Return all the data verbatim but without images.

═════ Data records

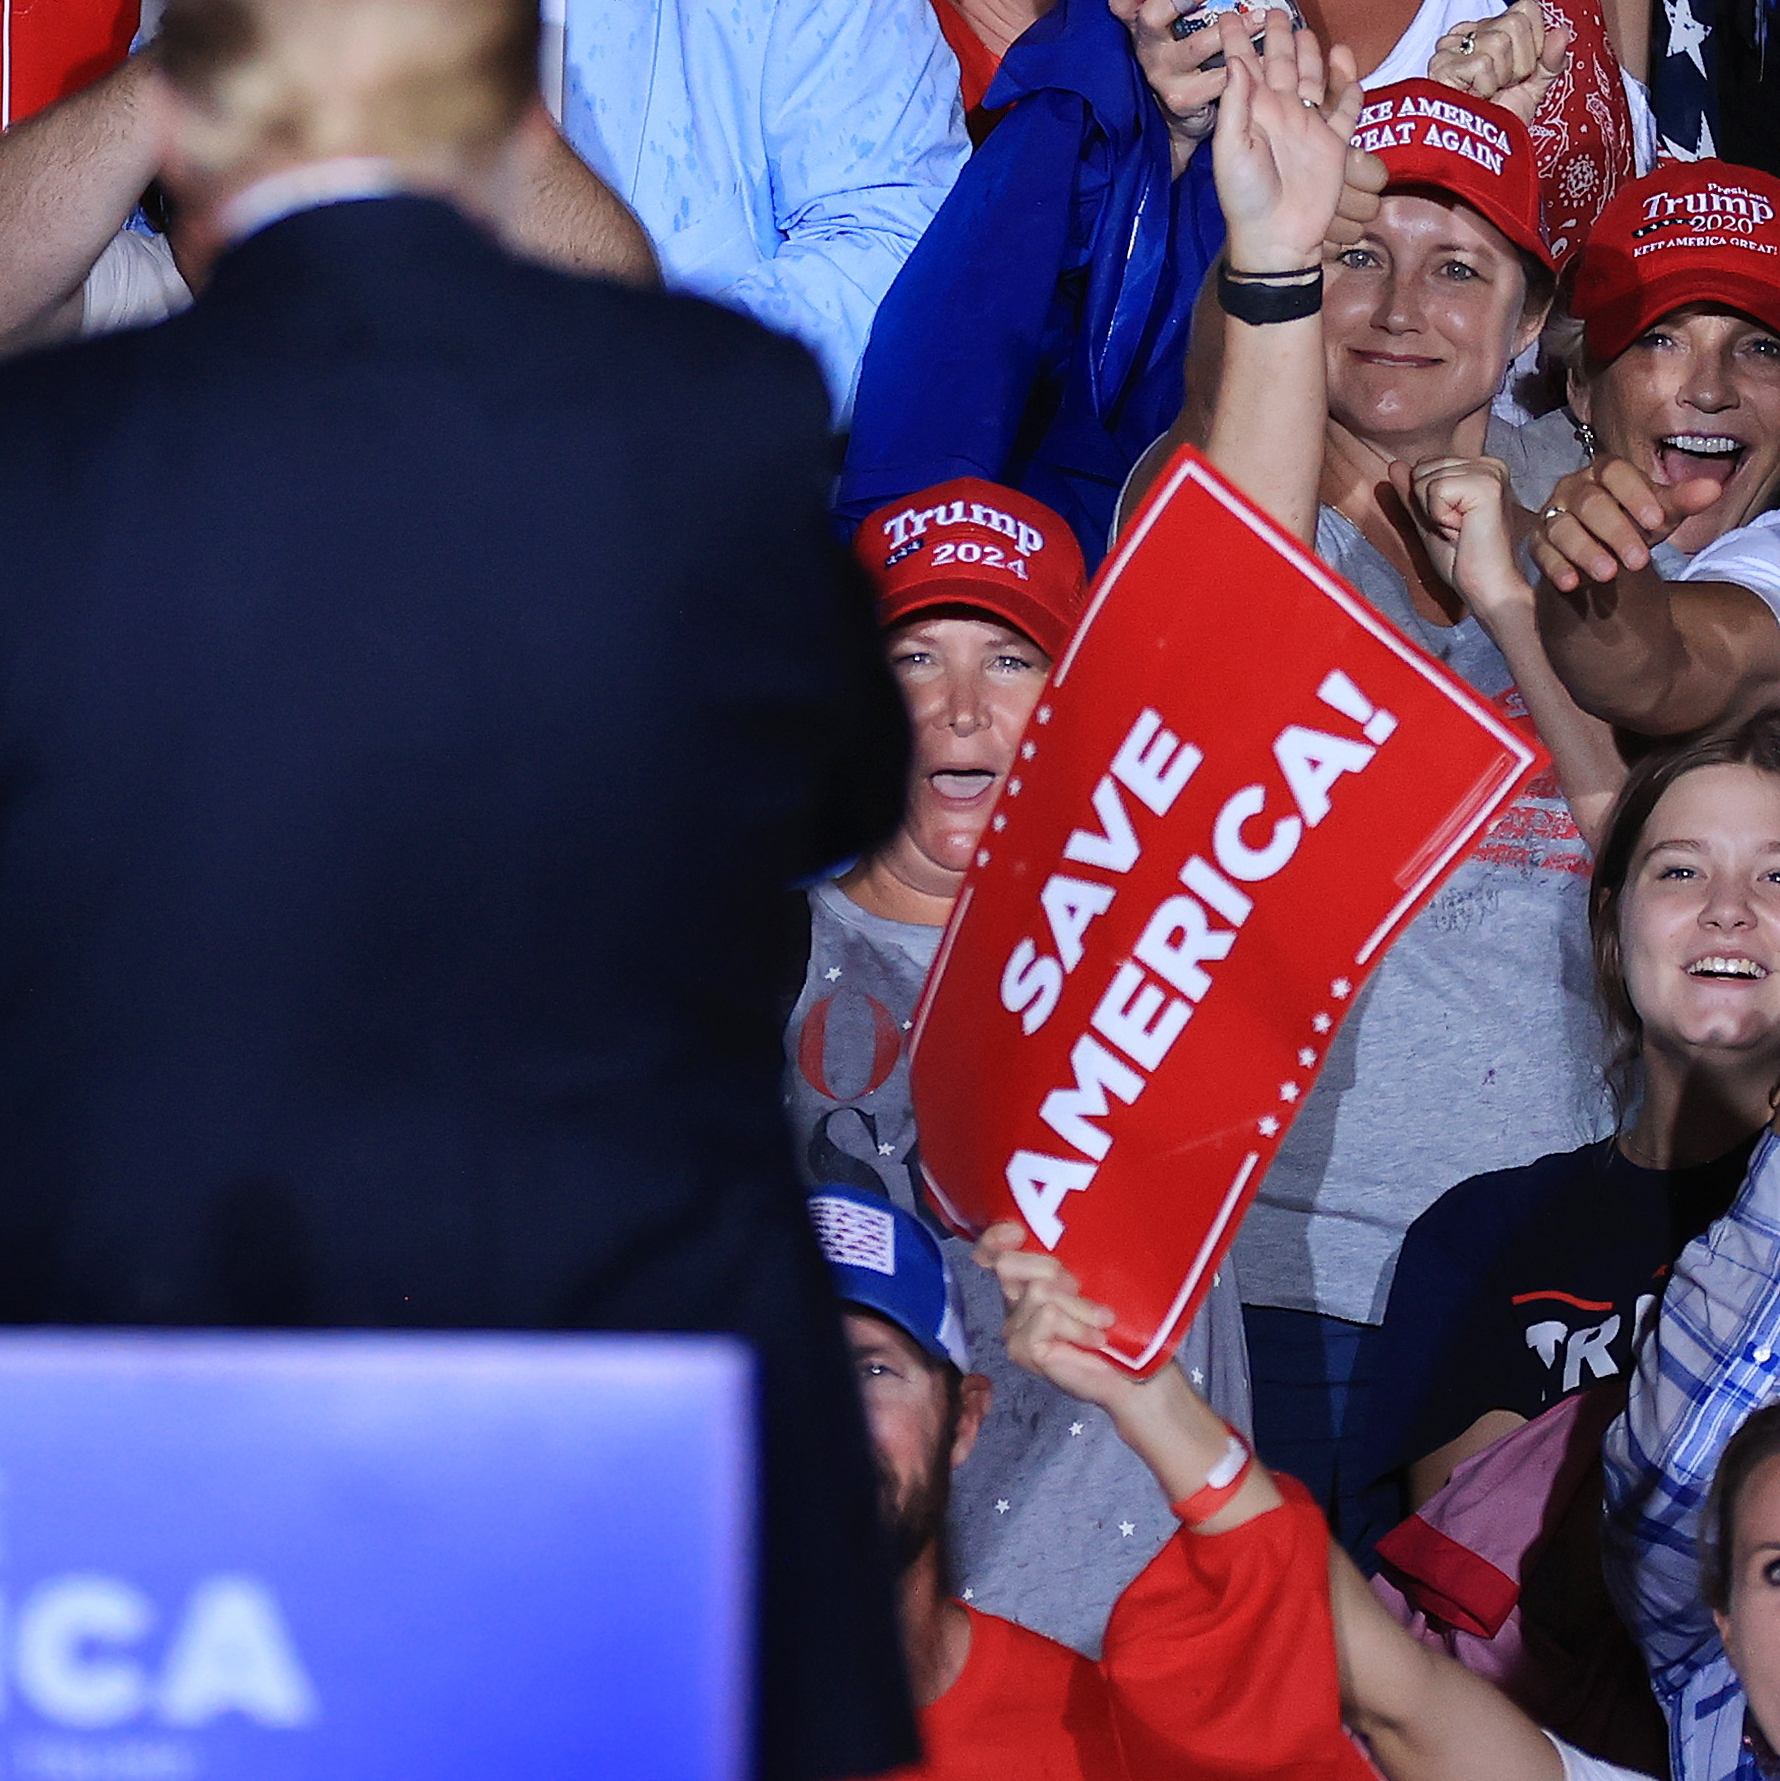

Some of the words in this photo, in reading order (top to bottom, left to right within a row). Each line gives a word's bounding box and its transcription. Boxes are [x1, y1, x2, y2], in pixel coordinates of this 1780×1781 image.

[1396, 96, 1513, 157] AMERICA
[1422, 122, 1505, 176] AGAIN
[1642, 191, 1776, 225] Trump
[1707, 182, 1771, 204] President
[1634, 240, 1666, 258] KEEP
[1666, 235, 1728, 248] AMERICA
[1729, 236, 1779, 256] GREAT!
[1690, 213, 1755, 236] 2020
[884, 499, 1045, 558] Trump
[931, 542, 1029, 581] 2024
[1001, 707, 1204, 1035] SAVE
[1005, 668, 1399, 1251] AMERICA!

══════════

### Answer to the exercise
Some of the words in this photo, in reading order (top to bottom, left to right within a row). Each line gives a word's bounding box and its transcription. Boxes are [x1, y1, x2, y2], in pixel coordinates of this 1780×1781 image.

[1396, 96, 1513, 157] AMERICA
[1422, 122, 1505, 176] AGAIN
[1642, 191, 1776, 225] Trump
[1707, 182, 1771, 204] President
[1634, 240, 1666, 258] KEEP
[1666, 235, 1728, 248] AMERICA
[1729, 236, 1779, 256] GREAT!
[1690, 213, 1755, 236] 2020
[884, 499, 1045, 558] Trump
[931, 542, 1029, 581] 2024
[1001, 707, 1204, 1035] SAVE
[1005, 668, 1399, 1251] AMERICA!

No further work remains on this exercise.